Dans un long entretien, Noam Chomsky aborde les principales tendances du scénario politique international actuel, l’escalade militariste de son propre pays et les risques croissants de guerre nucléaire…
…La guerre nucléaire n’est pas à écarter
Noam Chomsky n’est pas du genre à se laisser porter par des modes académiques ou intellectuelles ; son raisonnement radical mais serein cherche surtout à éviter les emportements, et c’est peut-être pourquoi il se montre réticent à présager au haut-parleur la souvent annoncée décadence de l’empire [américain]. » [Les USA] ont 800 bases [militaires] autour du monde et investissent dans leur armée autant que le reste de la planète entière. Aucun autre pays n’est à ce niveau, avec des soldats combattants sur les quatre coins de la terre. La Chine a une politique principalement défensive, elle n’a pas de programme nucléaire important, bien que celui-ci puisse croître dans le futur ».
Le cas de la Russie est différent. C’est le principal caillou dans la botte de la domination du Pentagone, parce qu’elle « a un système militaire énorme ». Le problème est que ces deux pays sont en train d’accroître leurs systèmes militaires, « tous deux agissent comme si la guerre était envisageable, ce qui est une folie collective ». Chomsky considère que la guerre nucléaire est irrationnelle et qu’elle ne pourrait arriver qu’en cas d’incident ou d’erreur humaine. Néanmoins, il coïncide avec William Perry, ex-secrétaire de Défense, qui a déclaré récemment que la menace d’une guerre nucléaire était aujourd’hui plus importante que lors de la Guerre froide. Chomsky estime que le risque se concentre autour de la prolifération d’incidents qui mettent en cause les forces armées des puissances nucléaires.
« Nous sommes passés très près de la guerre de très nombreuses fois« , admet-il. Un de ses exemples favoris est l’incident survenu lors de la présidence de Ronald Reagan, lorsque le Pentagone a décidé de tester les défenses de l’Union Soviétique en simulant une attaque contre ce pays.
« Le problème c’est que les Russes ont pris l’exercice très au sérieux. En 1983, le système de défense automatisé des soviétiques a détecté une attaque de missile étatsunien. Le protocole prévoyait dans ces cas-là que l’information soit directement remontée au haut commandement et de lancer une contre-attaque. Un soldat devait transmettre cette information, Stanislas Petrov, mais il a décidé qu’il s’agissait d’une fausse alarme. C’est grâce à lui si nous sommes tous vivant et capables d’en parler aujourd’hui. »
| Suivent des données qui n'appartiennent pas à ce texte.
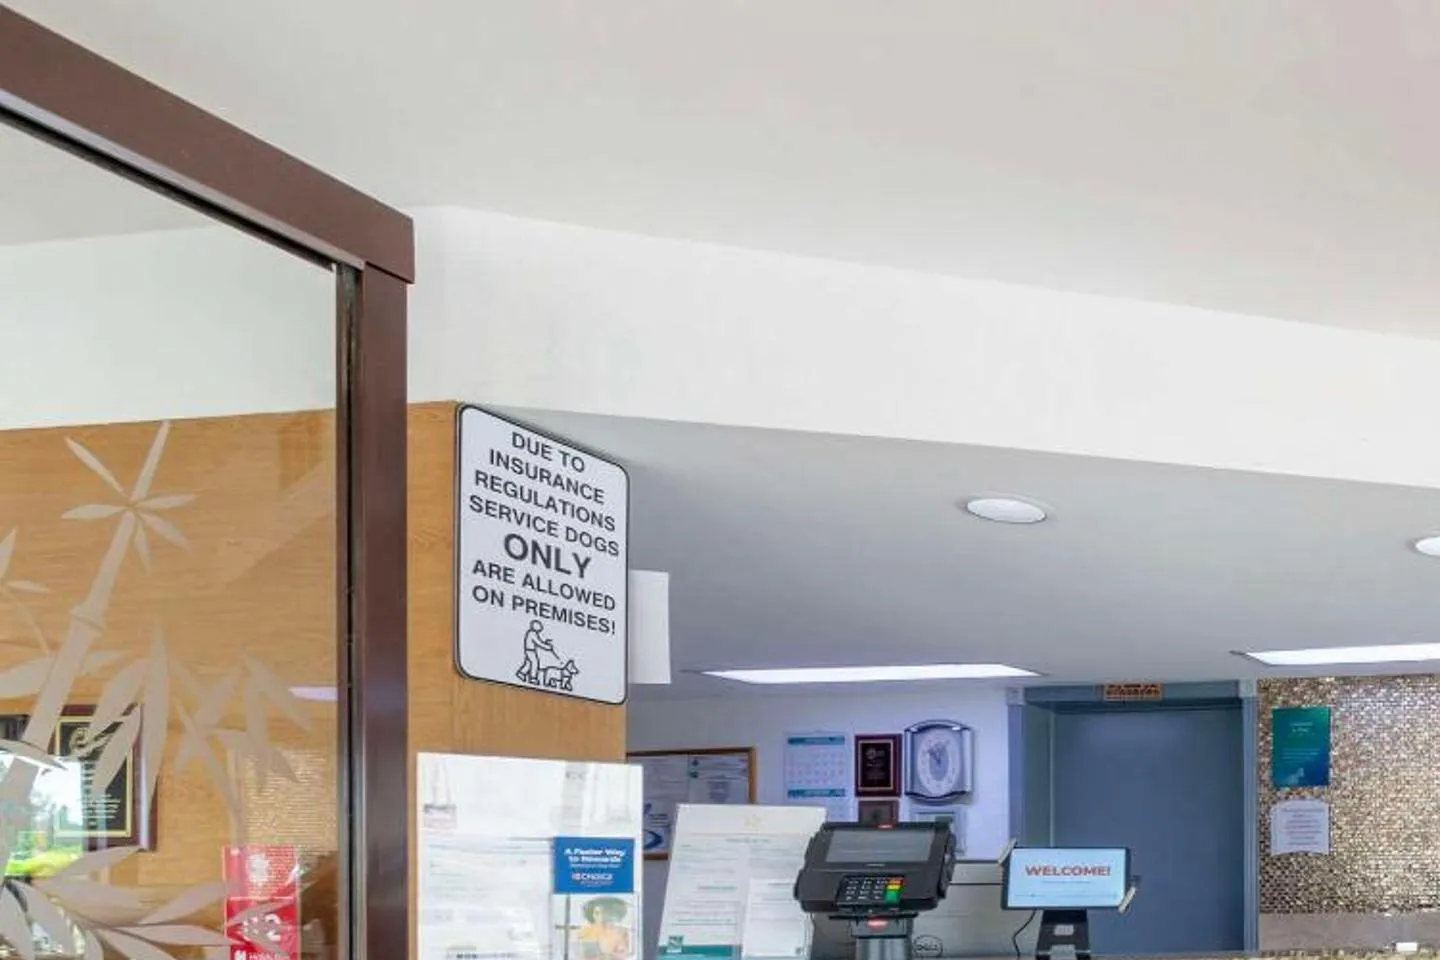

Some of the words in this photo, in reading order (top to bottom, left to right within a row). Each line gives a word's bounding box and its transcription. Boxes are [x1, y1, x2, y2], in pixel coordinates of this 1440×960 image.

Il affirme que les systèmes de défense des États-Unis souffrent de graves erreurs, comme l’a confirmée l’information diffusée il y a quelques semaines au sujet d’une situation qui s’est déroulée en 1979, quand l’armée américaine a détecté une supposée attaque massive de missiles provenant de Russie. Alors que le conseiller à la sécurité nationale Zbigniew Brzezinski décrochait son téléphone pour appeler le président James Carter et lancer une attaque en représailles, une autre information annonçant qu’il s’agissait d’une fausse alerte est arrivée. » Il y a des douzaines de fausse alertes chaque année », assure-t-il.
Dernièrement, les provocations des États-Unis sont constantes. « L’Otan effectue des manœuvres militaires à 200 mètres de la frontière avec l’Estonie. Nous ne tolérerions jamais un tel comportement à la frontière mexicaine. »
Le cas le plus récent est l’affaire de l’avion russe qui bombardait des forces djihadistes en Syrie abattu fin novembre. « Une partie de la Turquie est presque entourée par le territoire syrien et l’avion russe l’aurait traversée pendant 17 secondes, et il a été abattu. Une énorme provocation à laquelle la Russie n’a fort heureusement pas répondu par la force, mais elle a tout de même envoyé son système antiaérien le plus avancé –qui permet d’abattre des avions de l’OTAN- dans la région« . Chomsky rappelle que des provocations ont aussi lieu en mer de Chine, de façon presque continue.
L’impression que donnent ses analyses est que si les puissances agressées par les États-Unis agissaient avec la même irresponsabilité que Washington, notre sort serait scellé.